“Isn’t getting fit all part of our New Year’s resolutions?”
Philippine National Police Director General Alan Purisima raised this question as he got into the groove early Saturday, jogging with Interior Secretary Mar Roxas around the PNP headquarters in Camp Crame at the break of dawn to jump-start a healthy year for the country’s police force.
Despite persistent rumors that Roxas and Purisima are not in good terms, the two appeared friendly to each other the whole morning.
Roxas echoed Purisima’s statement that it is easier to keep one’s resolutions when done with family, friends and colleagues.
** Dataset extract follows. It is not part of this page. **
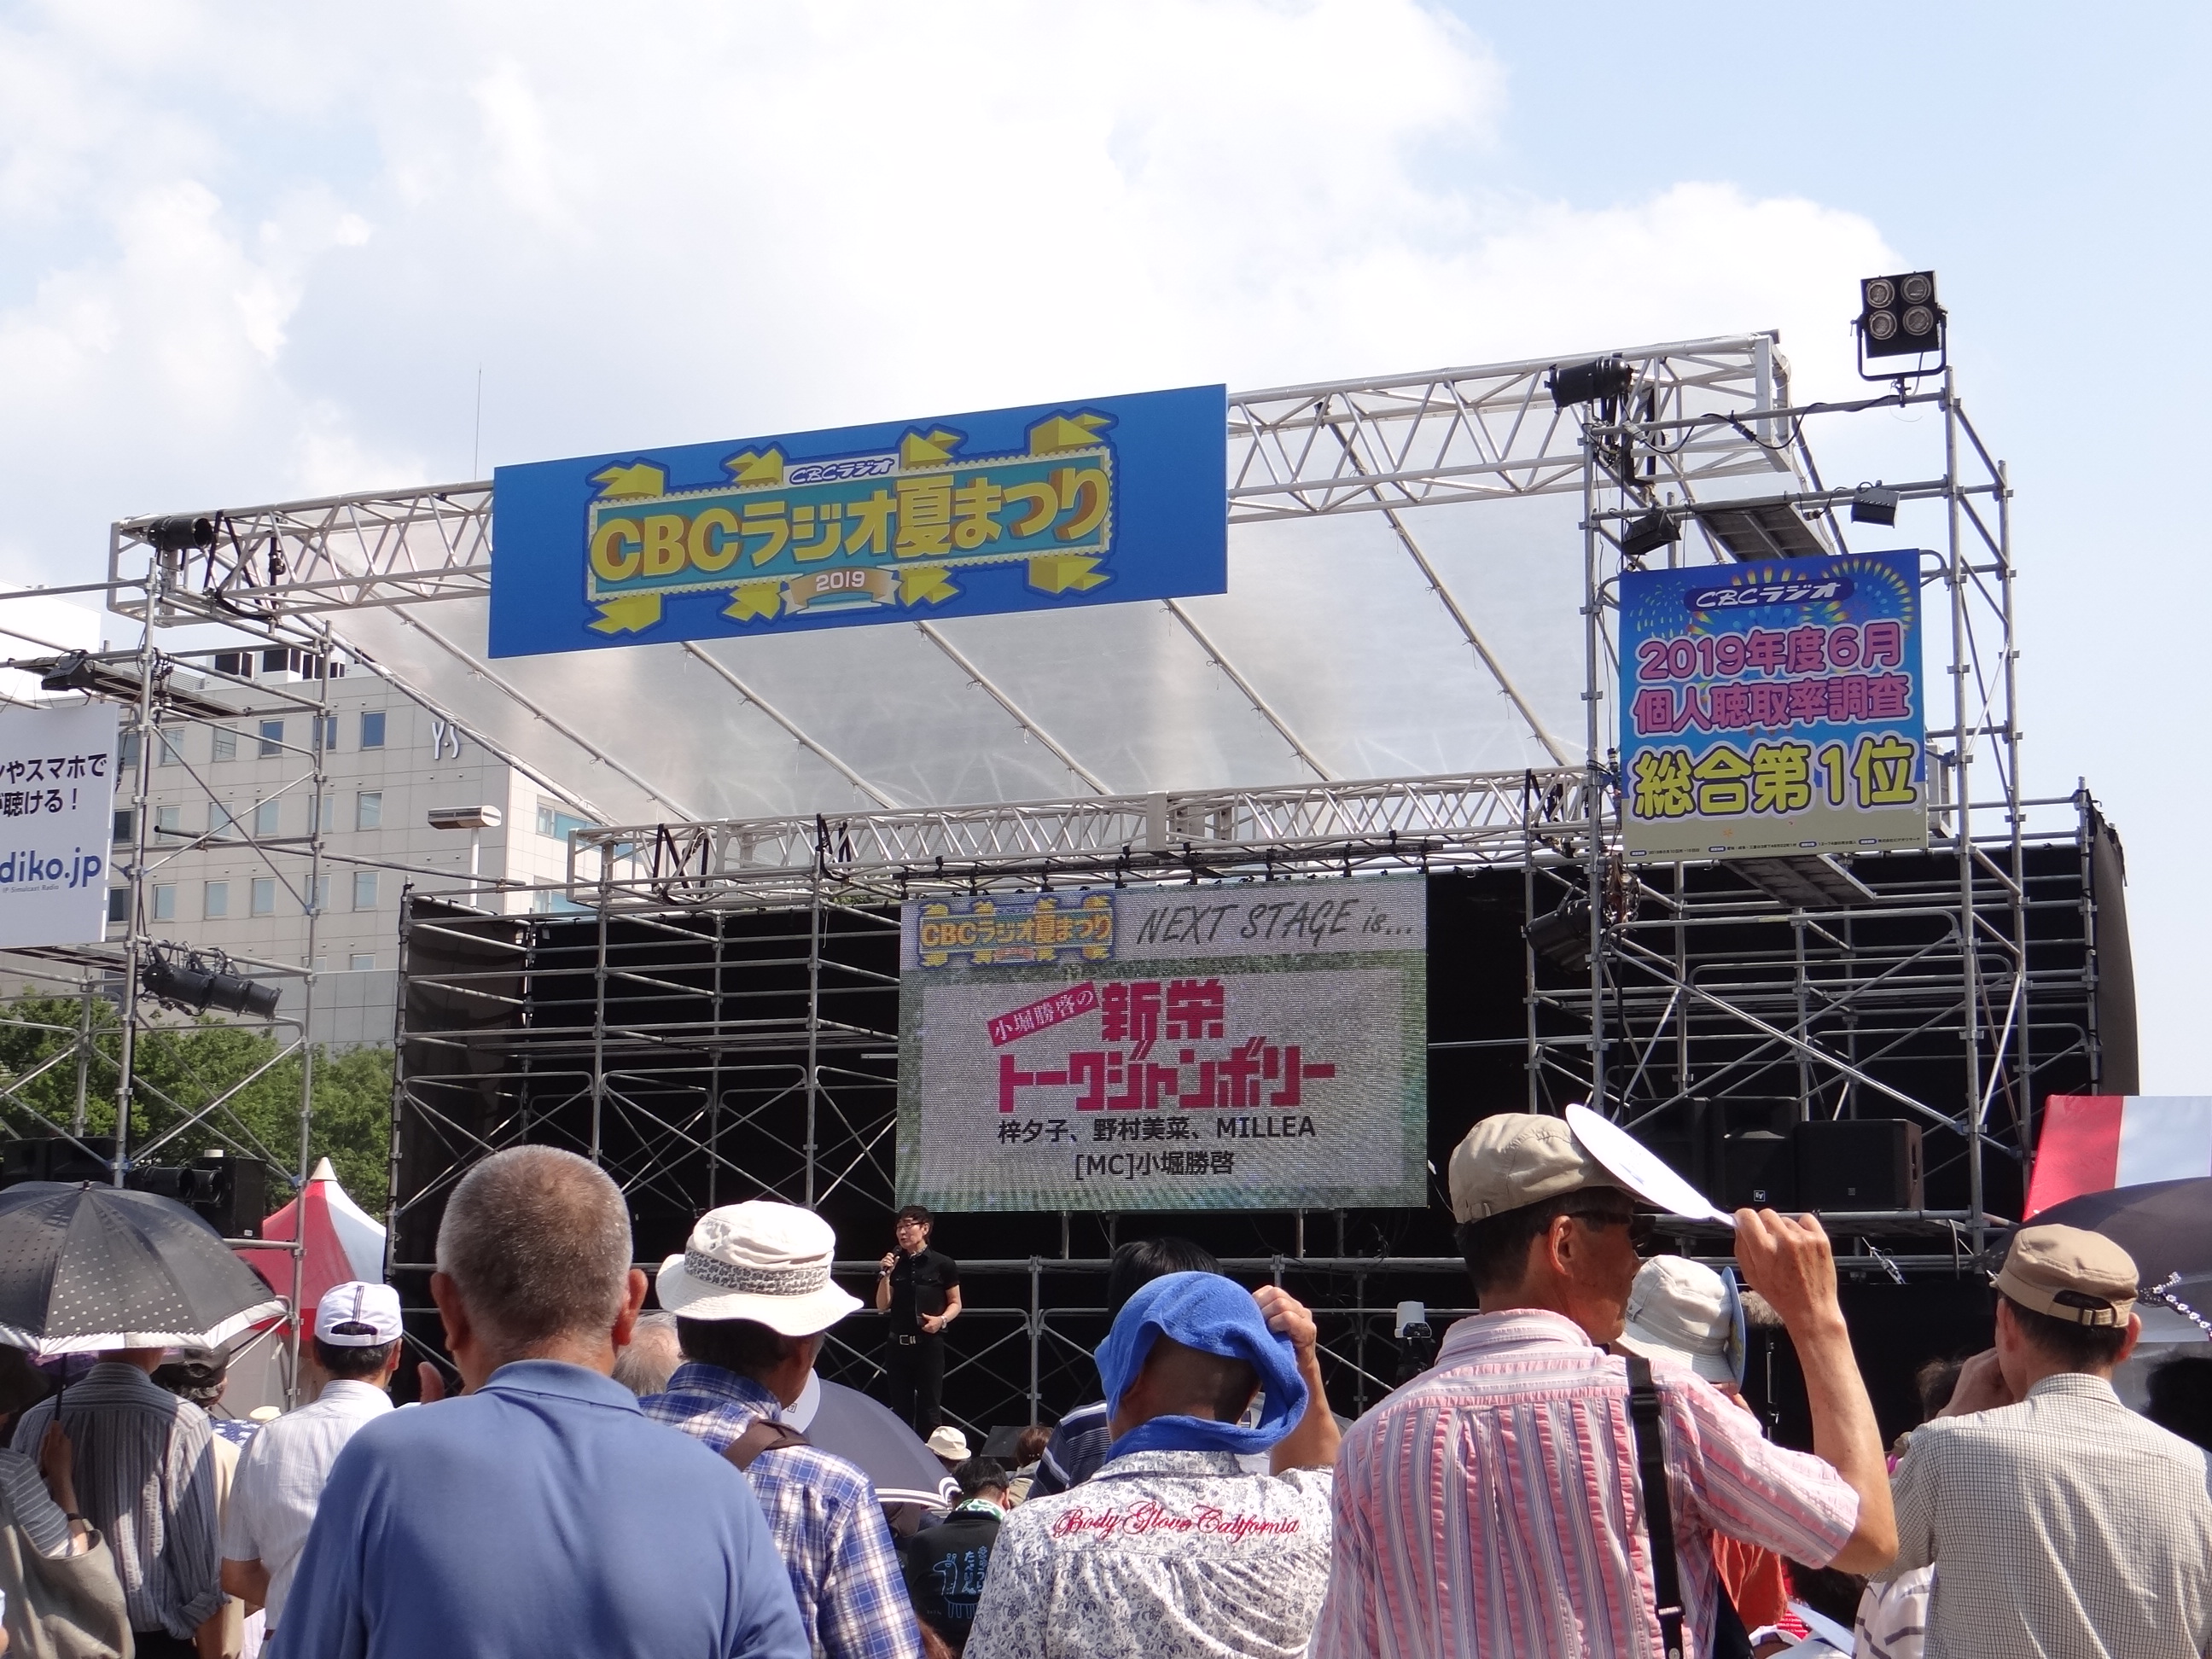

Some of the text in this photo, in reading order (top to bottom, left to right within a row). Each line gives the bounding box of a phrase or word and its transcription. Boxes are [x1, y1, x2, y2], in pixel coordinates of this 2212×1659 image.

With 700 senior and junior officers and nonuniformed personnel, Roxas and Purisima moved to the beat of Zumba, a combination of Latin dance and cardio workout, to kick off the relaunch of the PNP “Hataw Na” physical fitness program at the PNP Grandstand.
“With this program, we’re [getting fit] together,” Purisima told the Inquirer.
After the hourlong Zumba, Roxas and Purisima did a 3-kilometer walk with other PNP officers.
The rest of the policemen and nonuniformed personnel either did the 5-kilometer fun run or the 10-kilometer bike ride.
Unlike the PNP’s previous physical fitness training, this year’s program is not aimed at pressuring cops to take off inches from their girth.
In the past, the PNP had mandatory physical fitness programs for policemen found to be overweight, specifically during the terms of then Director Generals Panfilo Lacson and Nicanor Bartolome.
In 2012, more than 3,000 policemen assigned to the PNP headquarters in Camp Crame were found to be overweight and were ordered to go through an eight-week slimming program by Bartolome.
Under Purisima, the physical fitness program implemented nationwide is designed to get the policemen into the habit of exercising weekly with their colleagues and their families, and ultimately getting into shape.
The program was also envisioned to be a Saturday recreational activity for the policemen and their families, Purisima said.
Next Saturday, the policemen and women can bring their families to their different PNP camps to exercise.
Without the pressure to lose weight or get into a healthier lifestyle, “we may even have a healthier PNP within six months,” Roxas said.
Some policemen were overheard talking about calorie counts and how much calories they could burn in an hour’s exercise.
“This is really recreation and fellowship while exercising. Doing it together is actually more fun and encourages camaraderie among us,” Roxas added.
Free coffee and plain pan de sal were available at the PNP Grandstand throughout the morning.
Roxas said the weekly workout could even be a contest among police units or departments, where their collective inch-losses could have an equivalent monetary reward. But the money would go to charity, he said.
In a statement, Police Director Lina Sarmiento, PNP Director for Police Community Relations, said that the program hopes to “bring about physically and mentally fit personnel who can render quality police service to the community.”
“To effectively maintain peace and ensure the safety of the public we should always be prepared and fit to run after criminals and violators of the law. Also, being in optimum health enables us to be ready to defend ourselves and our families from any danger that could come our way,” Sarmiento said.